[
https://issues.apache.org/jira/browse/IGNITE-23728?page=com.atlassian.jira.plugin.system.issuetabpanels:all-tabpanel
]
Kirill Gusakov updated IGNITE-23728:
------------------------------------
Description:
At the moment, in DisasterRecoveryManager#resetPartitions we have the
unconditional put to the metastore:
{code:java}
private CompletableFuture<Void> processNewRequest(DisasterRecoveryRequest
request) {
UUID operationId = request.operationId();
CompletableFuture<Void> operationFuture = new CompletableFuture<Void>()
.whenComplete((v, throwable) ->
ongoingOperationsById.remove(operationId))
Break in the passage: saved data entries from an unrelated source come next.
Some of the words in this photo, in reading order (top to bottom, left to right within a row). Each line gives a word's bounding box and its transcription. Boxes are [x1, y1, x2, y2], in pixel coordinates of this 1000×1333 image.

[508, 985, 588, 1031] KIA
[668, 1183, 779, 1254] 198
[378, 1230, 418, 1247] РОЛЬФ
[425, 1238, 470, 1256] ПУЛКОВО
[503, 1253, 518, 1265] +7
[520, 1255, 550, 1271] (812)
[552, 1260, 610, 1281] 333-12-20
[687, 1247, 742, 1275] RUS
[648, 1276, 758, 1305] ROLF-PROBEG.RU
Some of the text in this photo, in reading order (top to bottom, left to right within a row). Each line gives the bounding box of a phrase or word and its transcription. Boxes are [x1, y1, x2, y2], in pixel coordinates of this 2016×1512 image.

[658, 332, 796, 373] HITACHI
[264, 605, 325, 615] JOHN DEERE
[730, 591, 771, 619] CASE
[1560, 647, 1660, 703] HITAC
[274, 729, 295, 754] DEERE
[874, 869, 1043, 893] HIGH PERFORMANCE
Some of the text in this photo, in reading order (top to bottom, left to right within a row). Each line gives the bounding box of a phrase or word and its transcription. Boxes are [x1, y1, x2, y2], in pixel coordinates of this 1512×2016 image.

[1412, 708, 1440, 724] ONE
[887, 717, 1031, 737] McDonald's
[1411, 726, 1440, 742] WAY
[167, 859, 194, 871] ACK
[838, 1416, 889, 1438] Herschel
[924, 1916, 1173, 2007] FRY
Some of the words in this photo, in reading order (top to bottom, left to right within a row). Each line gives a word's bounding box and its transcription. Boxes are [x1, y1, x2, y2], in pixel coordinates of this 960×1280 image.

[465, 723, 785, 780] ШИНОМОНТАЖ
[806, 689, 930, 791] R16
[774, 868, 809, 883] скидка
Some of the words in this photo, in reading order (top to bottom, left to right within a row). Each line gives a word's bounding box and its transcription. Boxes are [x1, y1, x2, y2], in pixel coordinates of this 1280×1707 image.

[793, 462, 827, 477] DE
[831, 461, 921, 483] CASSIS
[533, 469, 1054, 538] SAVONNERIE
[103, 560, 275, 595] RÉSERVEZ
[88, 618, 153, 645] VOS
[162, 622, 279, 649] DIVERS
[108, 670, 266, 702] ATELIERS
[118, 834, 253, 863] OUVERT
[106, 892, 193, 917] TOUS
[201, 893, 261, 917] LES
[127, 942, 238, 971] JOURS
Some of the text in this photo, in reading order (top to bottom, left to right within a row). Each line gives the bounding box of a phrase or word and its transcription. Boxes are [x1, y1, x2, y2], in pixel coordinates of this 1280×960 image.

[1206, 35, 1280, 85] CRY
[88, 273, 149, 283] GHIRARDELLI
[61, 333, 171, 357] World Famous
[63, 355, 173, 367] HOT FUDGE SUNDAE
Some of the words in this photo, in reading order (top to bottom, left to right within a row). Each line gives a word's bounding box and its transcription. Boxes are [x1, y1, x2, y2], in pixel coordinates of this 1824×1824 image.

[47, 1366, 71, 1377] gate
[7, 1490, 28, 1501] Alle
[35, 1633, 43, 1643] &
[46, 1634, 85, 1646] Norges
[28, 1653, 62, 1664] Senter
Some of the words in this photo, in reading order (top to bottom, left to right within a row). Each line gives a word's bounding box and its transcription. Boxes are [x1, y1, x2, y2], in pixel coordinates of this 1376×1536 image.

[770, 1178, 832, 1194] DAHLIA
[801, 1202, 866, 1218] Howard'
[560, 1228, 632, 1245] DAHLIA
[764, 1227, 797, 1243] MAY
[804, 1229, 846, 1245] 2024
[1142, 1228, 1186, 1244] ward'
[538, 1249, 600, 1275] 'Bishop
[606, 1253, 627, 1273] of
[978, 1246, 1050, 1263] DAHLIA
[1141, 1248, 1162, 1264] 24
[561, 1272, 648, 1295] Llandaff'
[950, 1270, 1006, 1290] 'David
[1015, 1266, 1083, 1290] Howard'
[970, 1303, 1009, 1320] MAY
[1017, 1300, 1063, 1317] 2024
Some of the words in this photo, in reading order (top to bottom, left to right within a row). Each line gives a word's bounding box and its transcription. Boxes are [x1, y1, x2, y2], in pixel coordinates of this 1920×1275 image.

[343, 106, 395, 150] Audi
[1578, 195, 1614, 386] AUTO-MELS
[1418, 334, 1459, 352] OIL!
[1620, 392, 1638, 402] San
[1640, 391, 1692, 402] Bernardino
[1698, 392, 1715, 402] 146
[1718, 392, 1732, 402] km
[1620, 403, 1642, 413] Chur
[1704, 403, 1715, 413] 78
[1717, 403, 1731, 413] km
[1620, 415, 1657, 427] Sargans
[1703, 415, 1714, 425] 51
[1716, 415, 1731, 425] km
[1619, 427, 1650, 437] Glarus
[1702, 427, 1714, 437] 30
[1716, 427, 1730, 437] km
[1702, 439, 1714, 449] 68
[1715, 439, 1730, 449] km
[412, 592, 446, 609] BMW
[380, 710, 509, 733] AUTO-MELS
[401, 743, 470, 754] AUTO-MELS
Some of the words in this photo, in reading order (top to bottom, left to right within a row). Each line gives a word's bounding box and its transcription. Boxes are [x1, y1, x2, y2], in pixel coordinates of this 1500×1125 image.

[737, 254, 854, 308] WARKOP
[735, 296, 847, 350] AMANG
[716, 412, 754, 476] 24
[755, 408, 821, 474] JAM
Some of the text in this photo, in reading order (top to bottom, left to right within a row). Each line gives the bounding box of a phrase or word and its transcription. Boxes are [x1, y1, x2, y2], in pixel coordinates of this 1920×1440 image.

.orTimeout(TIMEOUT_SECONDS, TimeUnit.SECONDS);
ongoingOperationsById.put(operationId, operationFuture);
metaStorageManager.put(RECOVERY_TRIGGER_KEY,
VersionedSerialization.toBytes(request,
DisasterRecoveryRequestSerializer.INSTANCE));
return operationFuture;
}
{code}
Instead, for the automatic calls from HA we need to protect this call by
revision of the trigger event like:
{code:java}
metaStorageManager.invoke(
Conditions.value(RECOVERY_TRIGGER_REVISION).lt(longToBytesKeepingOrder(triggerRevision)),
List.of(
Operations.put(
RECOVERY_TRIGGER_KEY,
VersionedSerialization.toBytes(request,
DisasterRecoveryRequestSerializer.INSTANCE)),
Operations.put(RECOVERY_TRIGGER_REVISION,
triggerRevision)
),
List.of(Operations.noop())
);
{code}
The manual calls of reset, at the same time, should be just simple put as
earlier.
*UPDATE*
The initial implementation approach is not correct in details:
- We can't use one key for all zones, because the only one zone "wins" in this
case. Instead we need the different keys per zone
- The update request must support the list of target partitions for reset,
instead of the tableId. Because now we have only one update request per zone on
any topology update.
- Manual reset should reuse the new request in the transparent manner
{code:java}
// old
GroupUpdateRequest(UUID operationId, int catalogVersion, int zoneId, int
tableId, Set<Integer> partitionIds, boolean manualUpdate) {
// new
GroupUpdateRequest(UUID operationId, int catalogVersion, int zoneId,
Map<Integer, Set<Integer>> partitionIds, boolean manualUpdate)
{code}
was:
At the moment, in DisasterRecoveryManager#resetPartitions we have the
unconditional put to the metastore:
{code:java}
private CompletableFuture<Void> processNewRequest(DisasterRecoveryRequest
request) {
UUID operationId = request.operationId();
CompletableFuture<Void> operationFuture = new CompletableFuture<Void>()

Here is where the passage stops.